Zone 7 lifts mandatory conservation requirements for the Tri-Valley

Residents encouraged to adopt voluntary water-saving habits for long-term sustainability

News Release

LIVERMORE, Calif. (April 20, 2023) – The Zone 7 Board of Directors unanimously declared an end to the drought emergency and 15% mandatory conservation requirements at its regular board meeting on April 19, 2023.

The agency mandated a 15% reduction in water usage in the fall of 2021 in response to severe drought conditions and reduced water supply allocations from the State Water Project, the area’s primary source of water. The California Department of Water Resources, which runs the State Water Project, announced allocations would be increased to 75% in March, with potential for additional increases as the year progresses.

This is the highest allocation since 2019. For comparison purposes, allocations were as low as 5% during the drought, shifting reliance on the local groundwater basin to carry the Tri-Valley through the drought years. The significant increase in allocation will allow Zone 7 to begin recharging the groundwater basin with imported water in preparation for the next dry period.

Governor Newsom lifted statewide restrictions and emphasized the need for ongoing voluntary conservation efforts in March. Bans on wasteful water uses, such as watering ornamental grass on commercial properties remain in place.

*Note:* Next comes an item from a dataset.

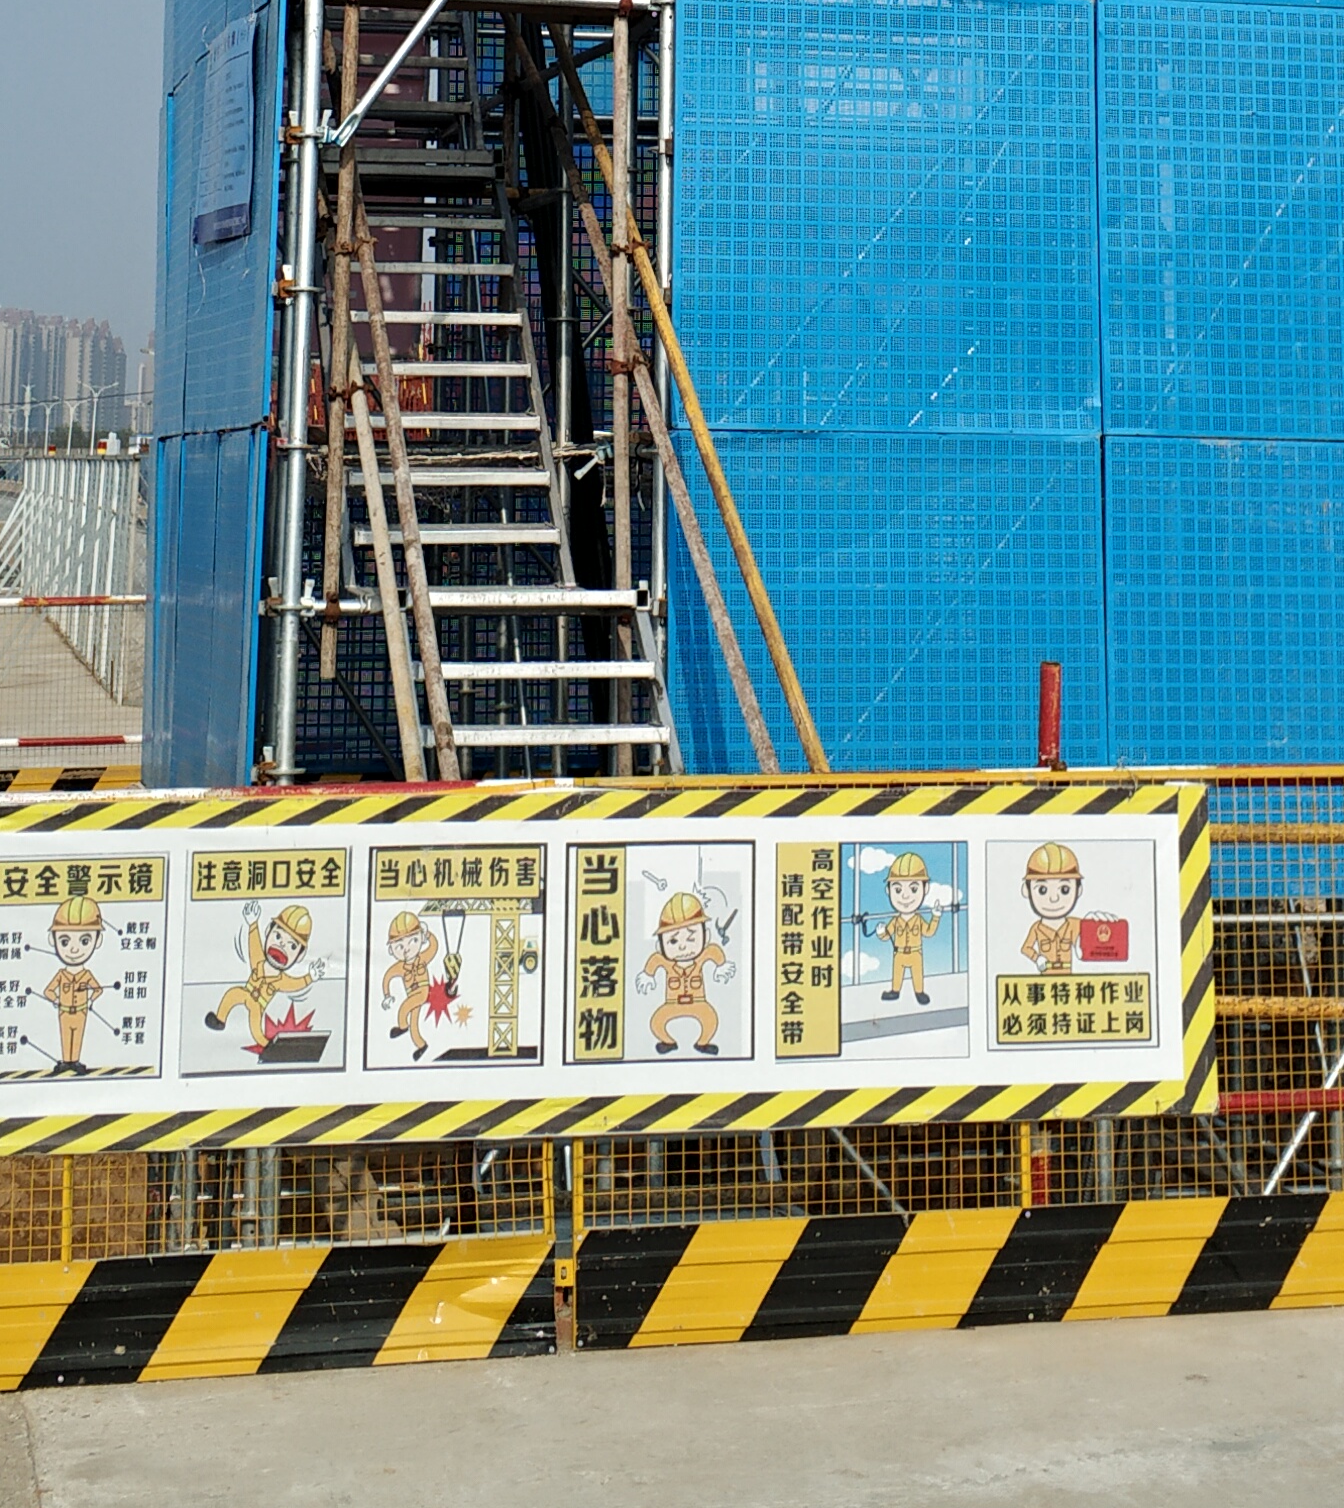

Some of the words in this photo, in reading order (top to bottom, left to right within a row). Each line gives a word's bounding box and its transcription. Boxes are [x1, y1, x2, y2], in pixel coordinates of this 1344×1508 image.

During 2022, the Tri-Valley community, including homes and businesses within four different retail jurisdictions, saved 15% of water used in comparison to the previous year.

“We are grateful to the Tri-Valley community for their successful efforts to conserve water during the drought. We recorded some of the driest years on record for our area recently, and times like these remind us that water is a precious commodity,” said Zone 7 Board of Directors President Sarah Palmer. “Working together, our community saved 1.7 billion gallons of water in 2022 and we thank every resident in our community who reduced outdoor watering, replaced grass lawns with native and drought tolerant plants, saved their shower warm up water, and made other efforts to achieve these savings. Your small changes have made a big difference.”

While the mandatory restrictions are no longer in place, Zone 7 encourages the Tri-Valley community to consider conservation a way of life. Changes in weather patterns and severe conditions mean having reliable water supply and plentiful reserves such as our local groundwater basin are critical for long-term sustainability of our region. Everyday conservation tips and information on water saving rebates are available at


About Zone 7 Water

Zone 7 Water Agency is one of the 10 active zones of the Alameda County Flood Control and Water Conservation District. The District was established by the State Legislature in October 1949 to solve problems of flooding, drainage, channel erosion and water supply and conservation in Alameda County. In 1957, by popular vote, Zone 7 became a special district governed by a seven-member board of directors. Along with flood protection, Zone 7 supplies water to all of eastern Alameda County and a population of 266,000 residents. Treated water is sold wholesale to local retailers, including the cities of Livermore and Pleasanton, the Dublin San Ramon Services District, and the California Water Service Company. Zone 7 also distributes untreated water to local agriculture operations and golf courses.